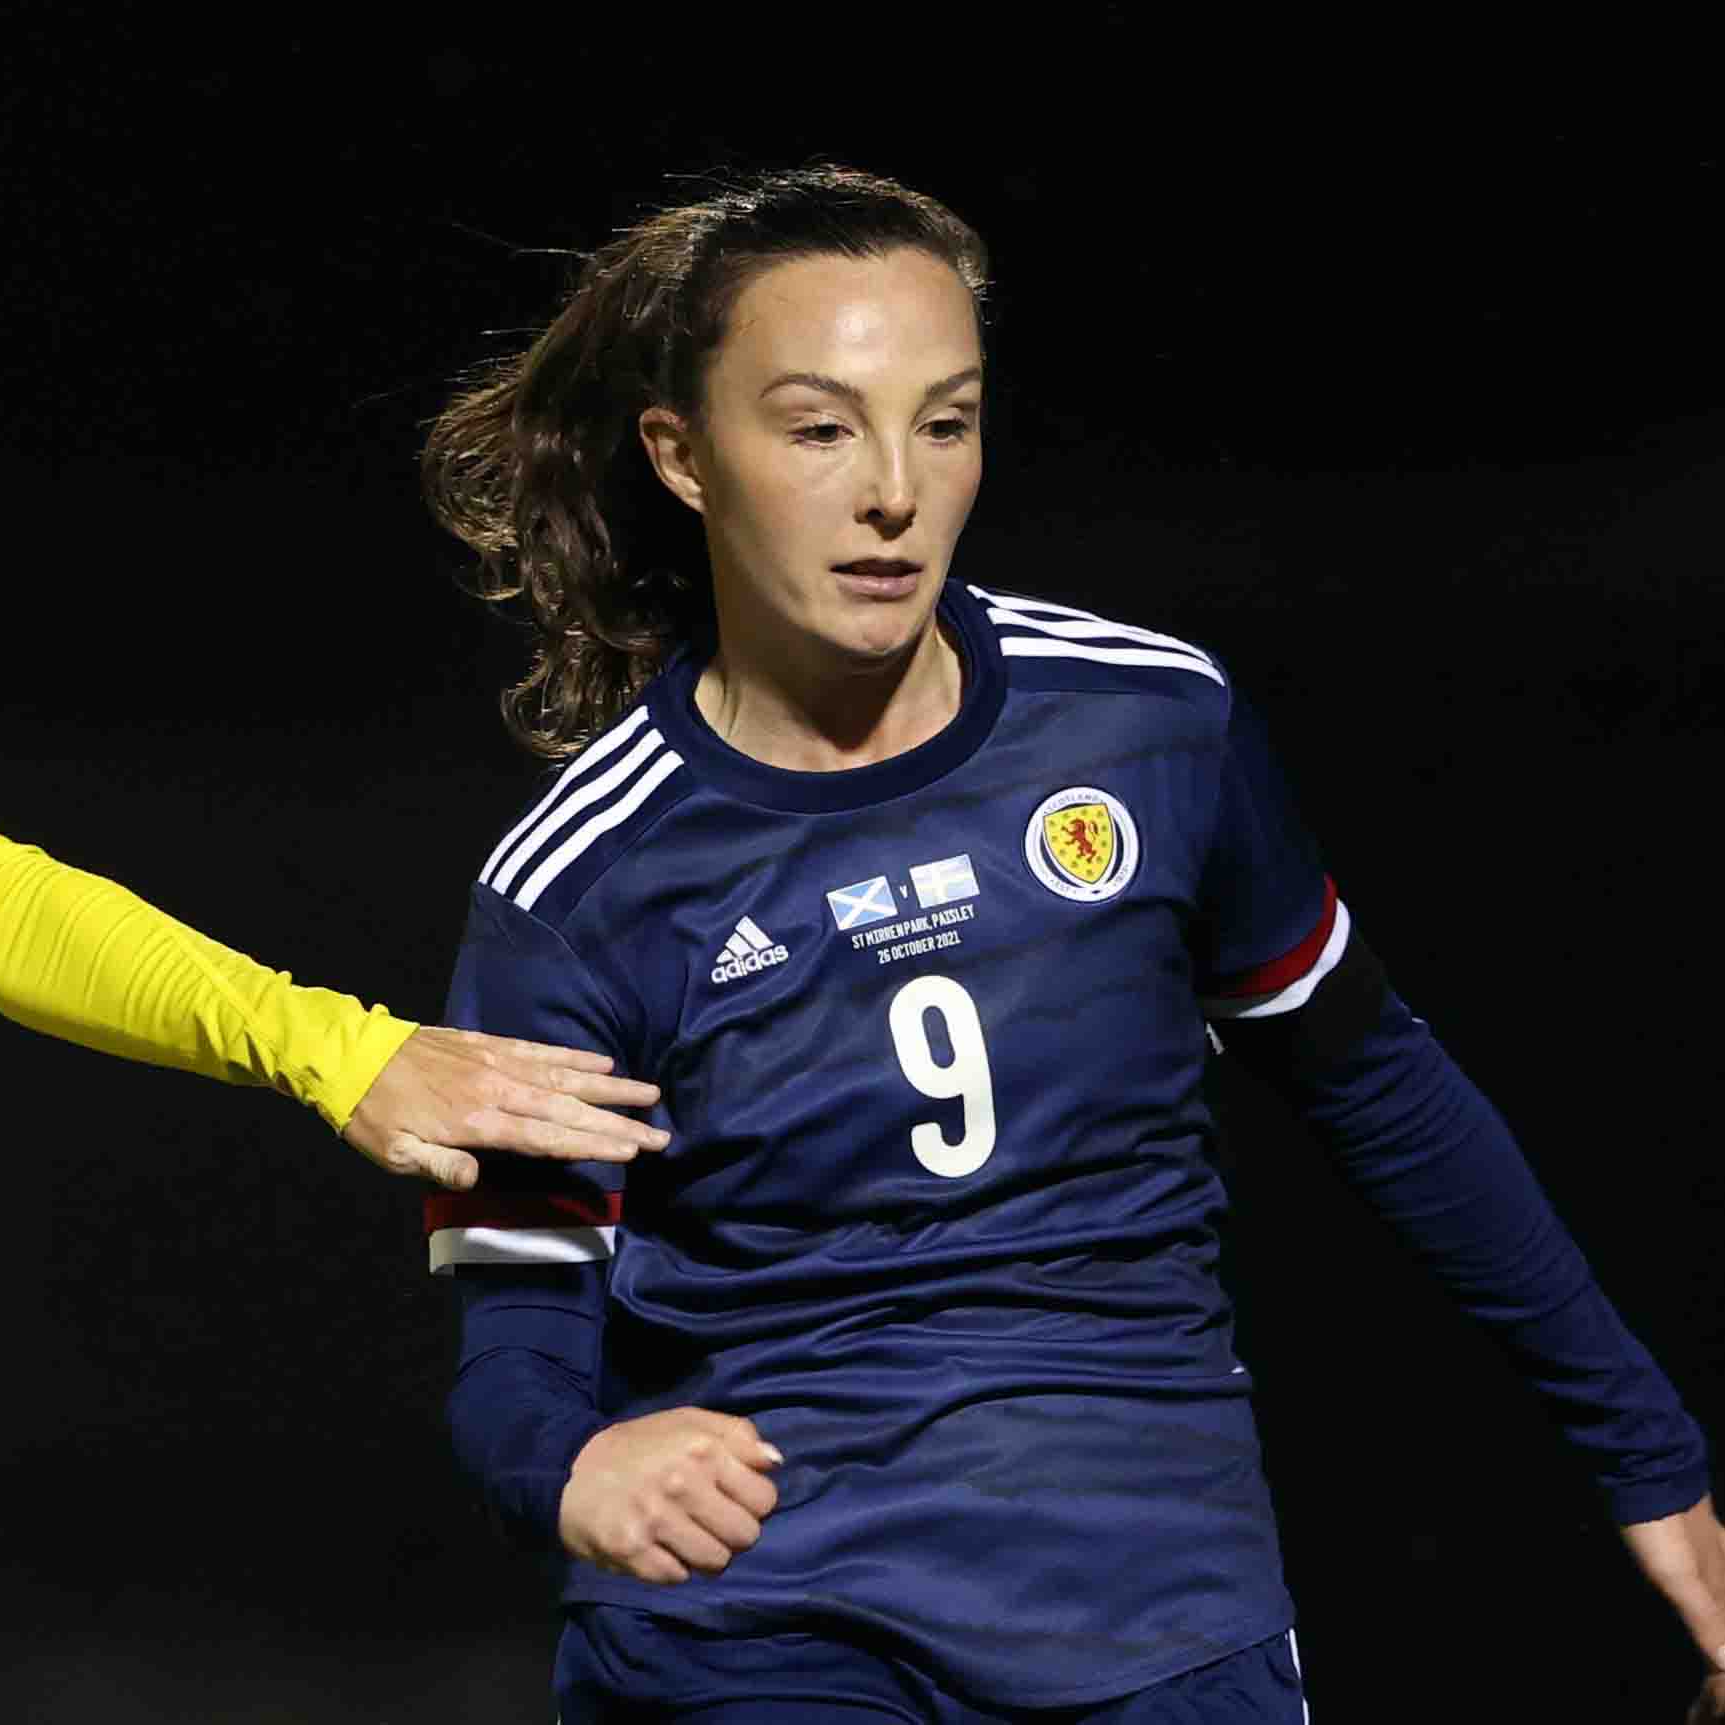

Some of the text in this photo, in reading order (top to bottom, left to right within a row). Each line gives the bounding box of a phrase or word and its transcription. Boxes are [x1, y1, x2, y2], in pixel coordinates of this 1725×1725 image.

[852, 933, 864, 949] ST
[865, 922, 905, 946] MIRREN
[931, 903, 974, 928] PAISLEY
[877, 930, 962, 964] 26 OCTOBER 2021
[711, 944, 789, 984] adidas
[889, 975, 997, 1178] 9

#### What is required:
Repeat the material above word for word but skip the images.

#### Answer box:
Some of the text in this photo, in reading order (top to bottom, left to right within a row). Each line gives the bounding box of a phrase or word and its transcription. Boxes are [x1, y1, x2, y2], in pixel coordinates of this 1725×1725 image.

[852, 933, 864, 949] ST
[865, 922, 905, 946] MIRREN
[931, 903, 974, 928] PAISLEY
[877, 930, 962, 964] 26 OCTOBER 2021
[711, 944, 789, 984] adidas
[889, 975, 997, 1178] 9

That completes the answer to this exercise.